Candidate Profile: Ted Cruz
Credit: Matt Rourke/AP Images.
Republican presidential candidate Senator Ted Cruz, speaks during a campaign stop in New Hampshire.

Candidate Profile: Ted Cruz

As candidates swarm to Iowa and Hampshire for the upcoming caucus and primary, respectively, Election Central continues its coverage, looking this week at Republican Ted Cruz.

Background

Born in 1970, Cruz is a Hispanic-American (his mother is an American of Italian and Irish heritage and his father is Cuban). Cruz was born in Canada and raised in Texas. He attended private school, where he graduated as valedictorian in 1988. Cruz then attended Princeton University for his undergraduate studies before enrolling at Harvard Law School for more education.
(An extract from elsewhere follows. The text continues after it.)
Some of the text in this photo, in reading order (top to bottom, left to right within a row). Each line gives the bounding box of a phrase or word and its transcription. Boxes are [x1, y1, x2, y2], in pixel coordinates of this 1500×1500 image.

Cruz was part of George W. Bush’s presidential campaign in 1999. He also played a big role on George W. Bush’s legal team that contested the voting count results during the extremely close 2000 presidential election that was decided by the Supreme Court case, Bush v. Gore.

Cruz was Solicitor General for the State of Texas from 2003 to 2008, where he supervised  all appellate litigation for the state Attorney General. After leaving that position, he resumed a private practice for four years before being elected to the United States Senate in 2012. Cruz has a wife, Heidi, and together they have two young daughters.

Stance

Cruz was the first Republican candidate to announce his intention to run for the party’s 2016 election nomination. Like most Republicans, Cruz supports limited government and economic growth. He identifies strongly with Tea Party protestors and has a strong following among voters who identify as evangelical. One of Cruz’s goals is to “defend the Constitution,” by restoring it to what he believes is a more conservative vision.
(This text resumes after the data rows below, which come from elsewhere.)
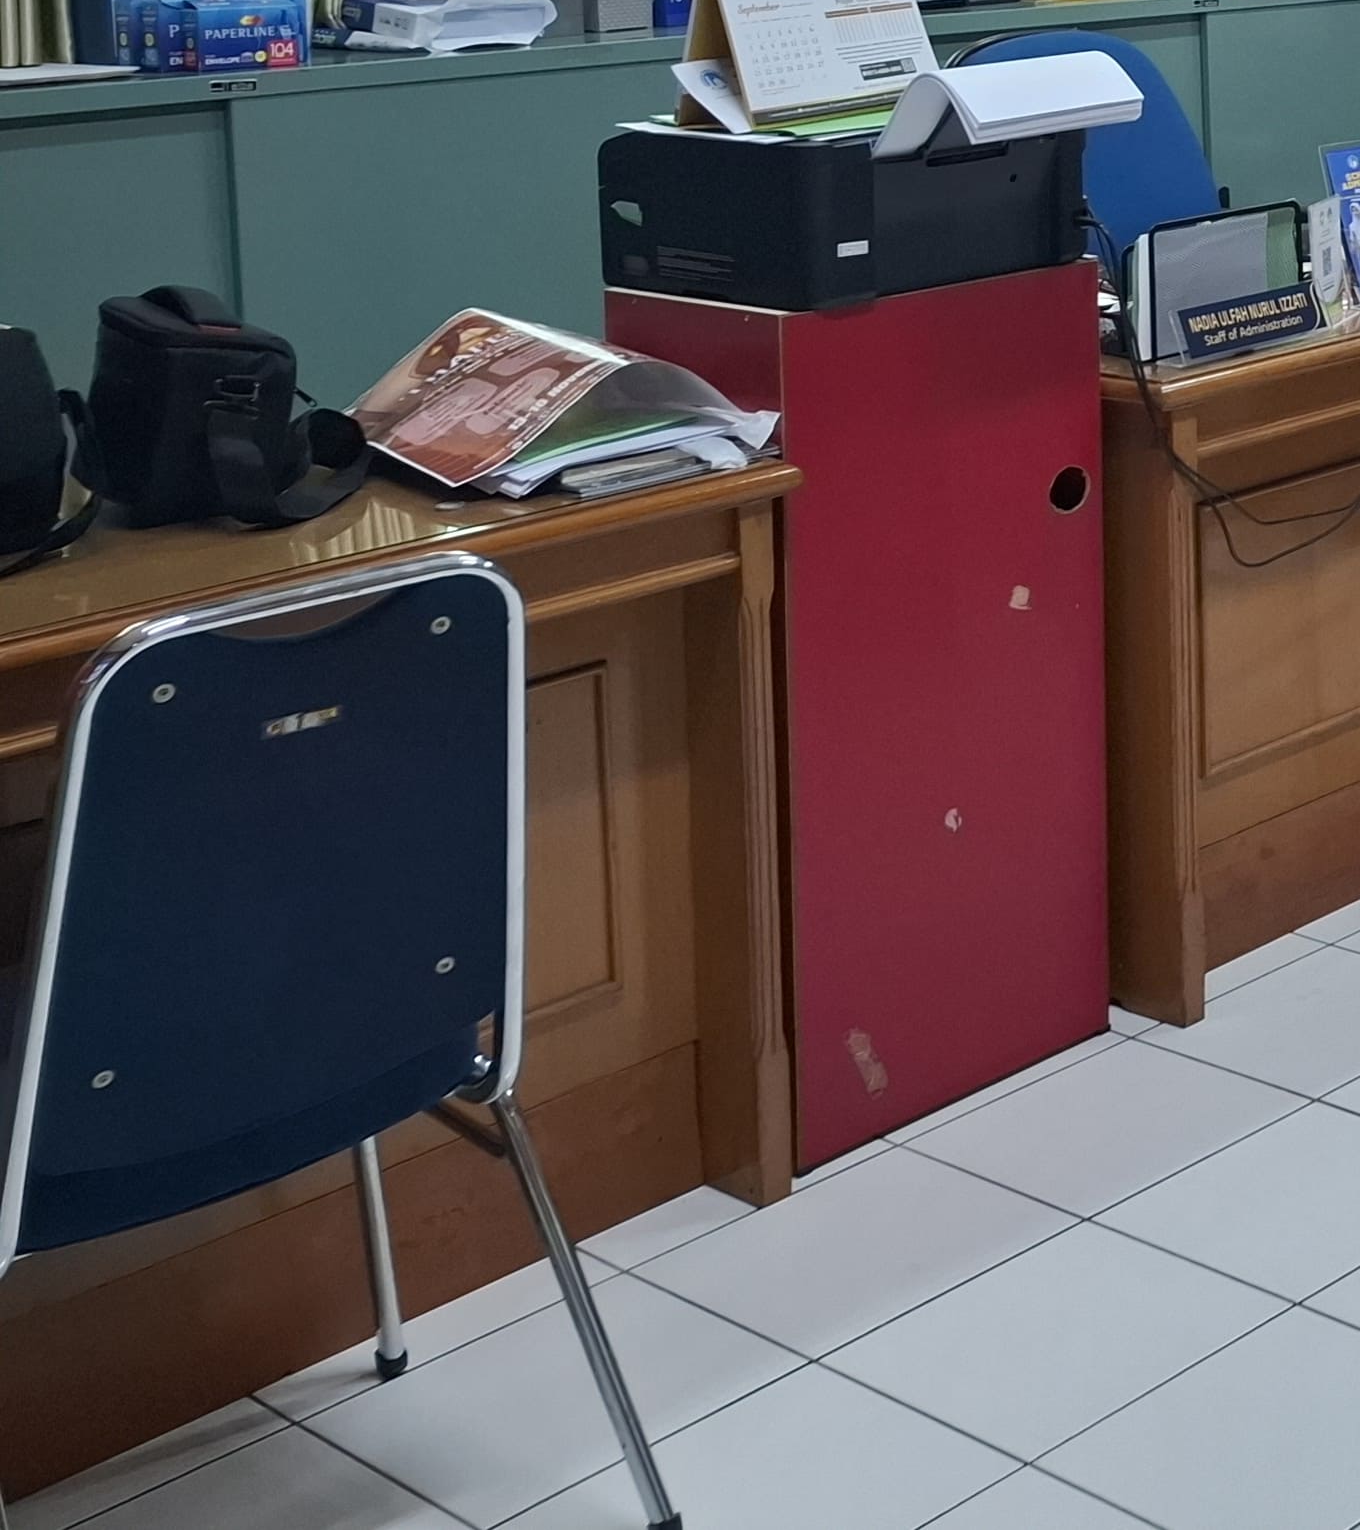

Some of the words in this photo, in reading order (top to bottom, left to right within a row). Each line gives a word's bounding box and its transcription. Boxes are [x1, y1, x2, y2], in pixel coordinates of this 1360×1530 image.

[205, 26, 275, 40] PAPERLINE
[270, 42, 294, 58] 104
[1188, 313, 1221, 334] NADIA
[1218, 306, 1250, 327] ULFAH
[1247, 298, 1281, 320] NURUL
[1278, 292, 1309, 312] IZZATI
[1203, 330, 1227, 346] Staff
[1228, 328, 1239, 341] of
[1240, 315, 1303, 337] Administration
Cruz aims to push the Republican Party to be more aggressive in its political negotiations. Because of this, he is seen by some as a strong leader, and accused by others of being overzealous. On immigration, Cruz believes that border control is an issue of national security and that the Obama administration has been too lenient. He proposes major reform that includes building a physical wall, an increase in deportations, and the strengthening of policies like E-verify.

Recent Controversy Over Citizenship

While Cruz was born in Canada, he meets the eligibility requirement to run for president because he was born to an American-born mother who had retained her American citizenship. Cruz’s parents lived in Calgary, Canada for a time because his father worked in the oil industry. The family moved to Texas when Ted was four.
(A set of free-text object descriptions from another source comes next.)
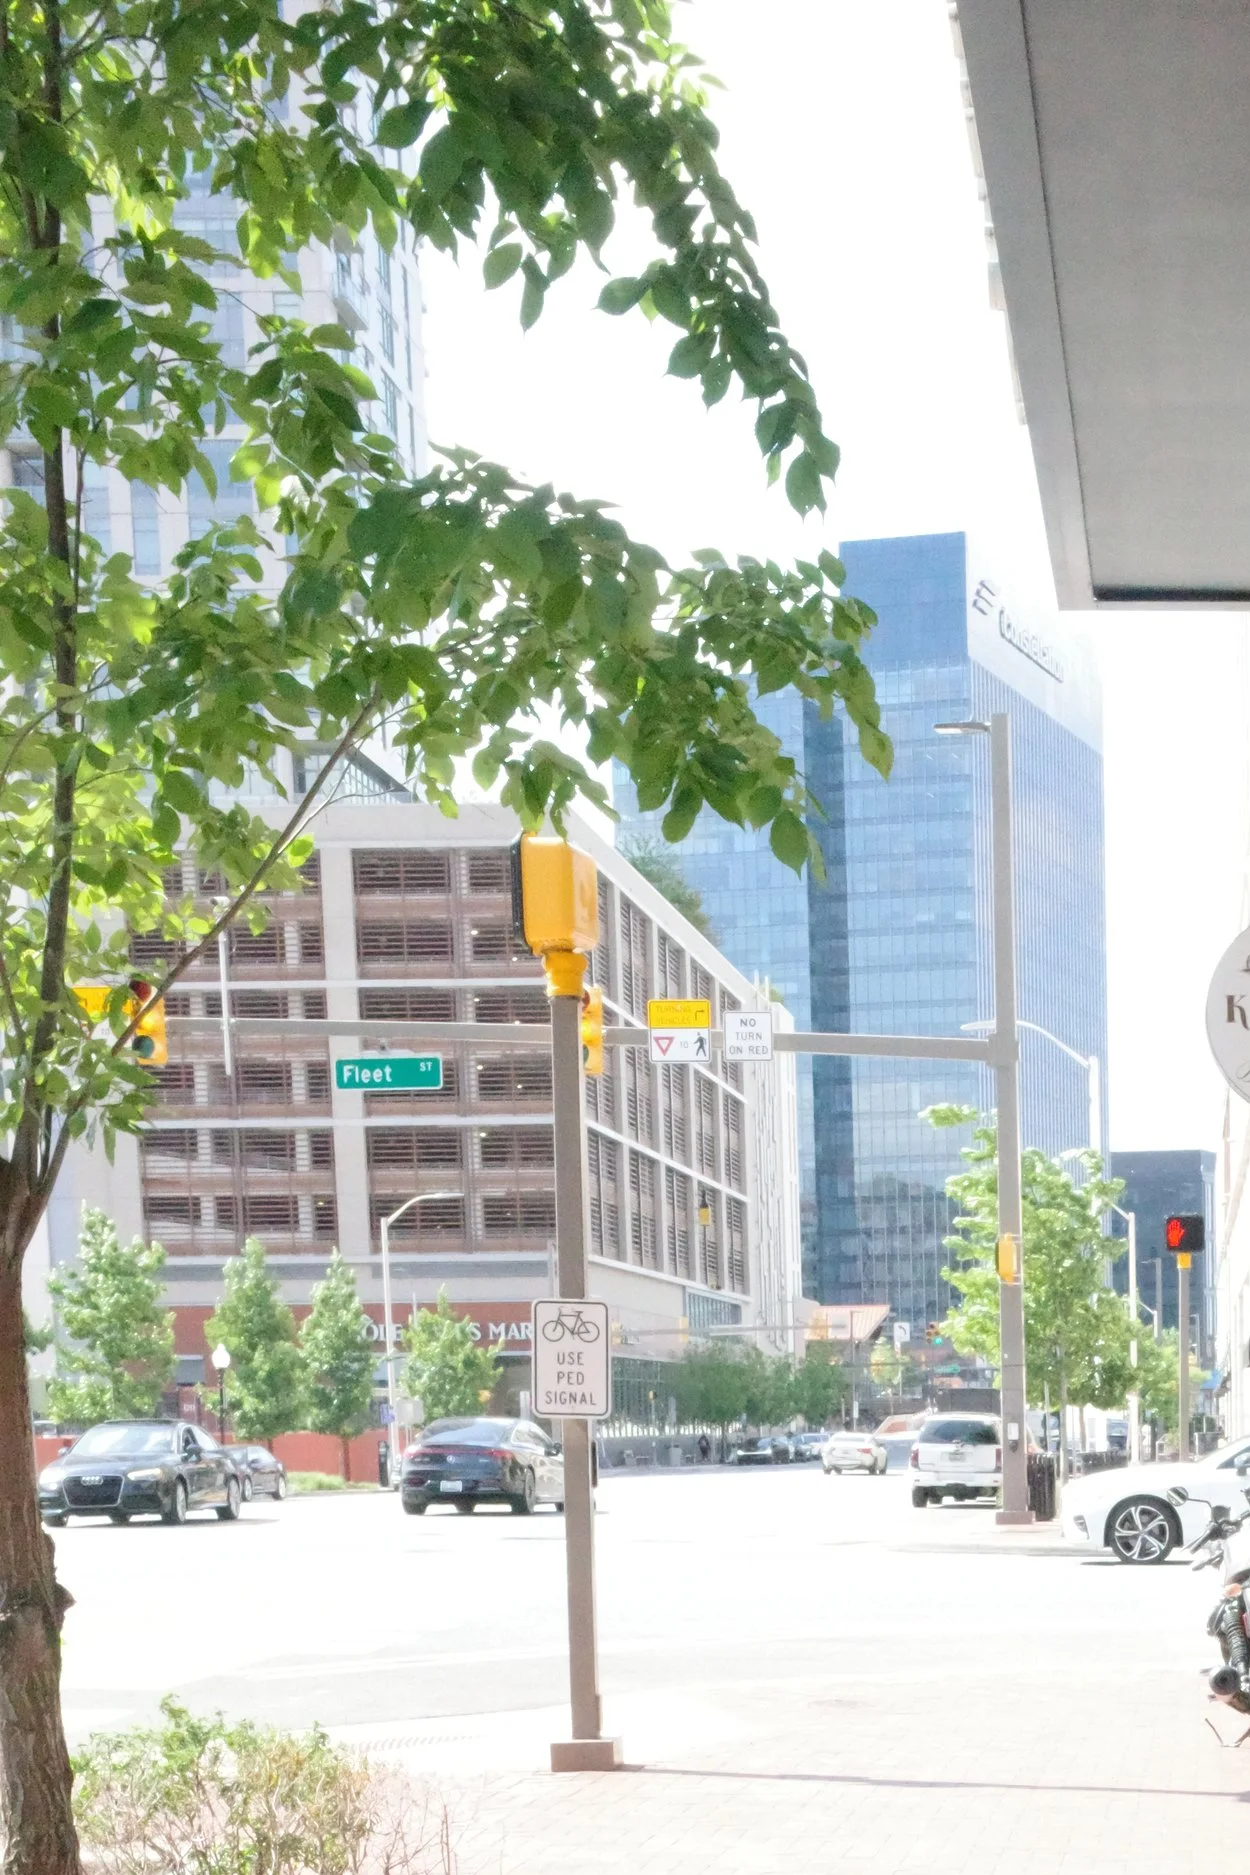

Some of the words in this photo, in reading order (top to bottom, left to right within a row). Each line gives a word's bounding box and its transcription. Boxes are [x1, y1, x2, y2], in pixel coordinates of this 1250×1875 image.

[740, 1018, 756, 1027] NO
[735, 1032, 762, 1040] TURN
[729, 1046, 743, 1054] ON
[748, 1045, 768, 1054] RED
[343, 1064, 392, 1083] Fleet
[419, 1061, 432, 1071] ST
[557, 1352, 584, 1366] USE
[557, 1371, 584, 1385] PED
[545, 1390, 596, 1406] SIGNAL
John McCain (who was subject to similar scrutiny when he ran for president in 2008) has made the news by publicly raising the question. The public spotlight on this matter has caused other candidates to question Cruz’s allegedly inconsistent voting record in Congress, as well as public statements regarding the value of being the child of an immigrant.

Cruz has shot back, making it clear that he opposes amnesty, citizenship and legalization for illegal aliens. He also accused McCain of bringing up the issue because the former candidate supports his opponent, Marco Rubio.

Questions of citizenship are hardly new. President Obama, who was born in Hawaii, was subject to scrutiny because his father was a Muslim from Kenya. George Romney (son of 2012 Republican candidate Mitt) ran for president in 1968 and was questioned because he was born in Mexico. John McCain was born in the Panama Canal Zone, where his Navy officer father was stationed.

WHAT DO YOU THINK?

If elected, Ted Cruz would become the first president born outside of the United States. Do you think this issue will cause an investigation into eligibility requirements for the president of the United States? Explain your answer.